How much would you spend to save your pet's life? It is a dilemma no one wants to experience _ making life and death decisions.
The usual issues that arise in such a case are religious, moral and ethical in nature and are coupled with the concern for the patient's expected quality and longevity of life. The quandary is a bit different when the patient is not human. In this case, the patient was a family's moggy.
With a family pet, one often debated concern is money. The question is, exactly how much are we willing to pay to save it? This is not to say that the quality of life question is not considered or that there are not ethical, moral and religious issues. Rather, it is simply that all of these concerns are discussed as they relate to cost.
A question such as, "What quality of life will moggy have if I spend the cost of surgery?"
This is more likely to be overheard at the veterinary clinic than at the hospital.

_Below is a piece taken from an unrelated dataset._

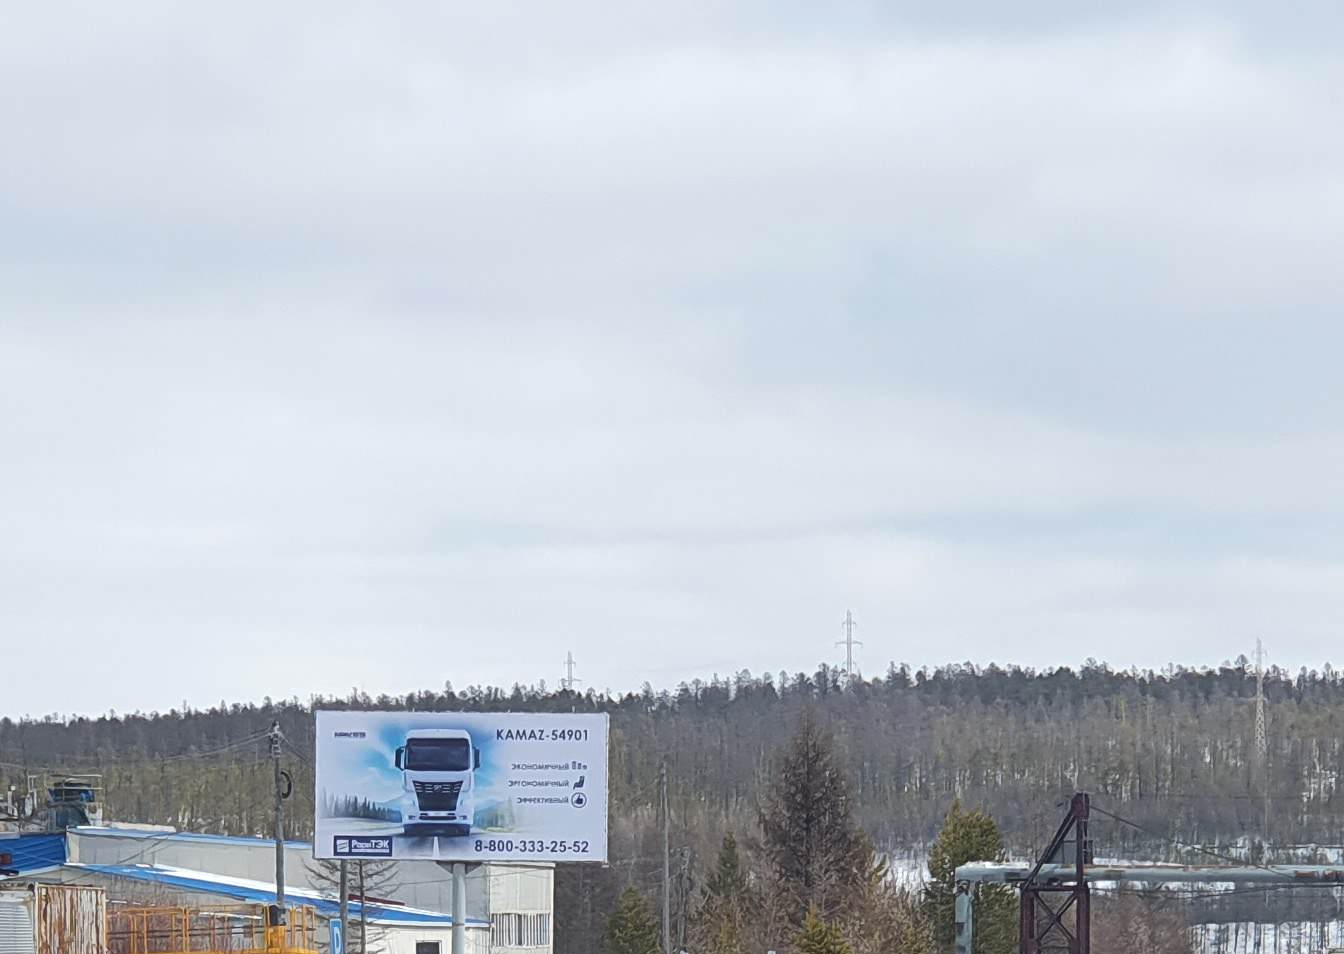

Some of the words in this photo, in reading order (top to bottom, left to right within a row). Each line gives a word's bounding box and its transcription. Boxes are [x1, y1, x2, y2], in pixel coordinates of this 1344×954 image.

[496, 729, 588, 741] KAMAZ-54901
[508, 779, 569, 787] ЭРГОНОМИЧНЫЙ
[474, 839, 589, 853] 8-800-333-25-52

Few people would not spend a dime on medical treatment for their pet. I have heard some say that they never spend money on veterinary costs. If their pet gets sick, they would check the ``free-to- good-home' ads. Others have commented that the amount of money they would spend to save their pet from dying was the same as the original purchase price of the animal _ if they bought their pet for $500 they would spend only $500 to save it.
On the other side of the coin are those who would spend every last cent to prolong their beloved pet's life. I have heard many people refer to their pets as their children and have witnessed owners' strong emotional bonds with pets.
I was one of them.
Four years ago, I lost my beloved tabby mate, MO. As the one constant in my life, MO went everywhere with me. On holidays, into town, in my rucksack on the back of my bike. It was just me and mister MO.
Christmas 2005, my father was ill and I went without MO for the first time to Queenstown for a family reunion. I arrived home on January 14 and my daughter told me MO had not come home the previous night. I knew then that something was very wrong. An hour later, I saw MO limping up the drive. He had obviously waited for me to come home. I picked him up, looked into his eyes and I knew then that I was going to lose him.
A raft of tests followed and the diagnosis was that MO had toxoplasmosis that had gone to the brain. I said goodbye to MO on July 17. Over eight years, he had given me more than I could ever possibly have repaid and if I could have saved him I would have given every last cent I had.
The family pet's lifespan continues to increase with advances in technology and medicine. Medical procedures that are considered routine today were largely unheard of a couple of decades ago. With this increase in longevity come the diseases of old age.
Pets experience more age- related diseases now than before because they live long enough to experience them. It is a bit of a trade-off, we get to spend more time with our pets but, in order to do so, we have to foot the bill. Where do you stand?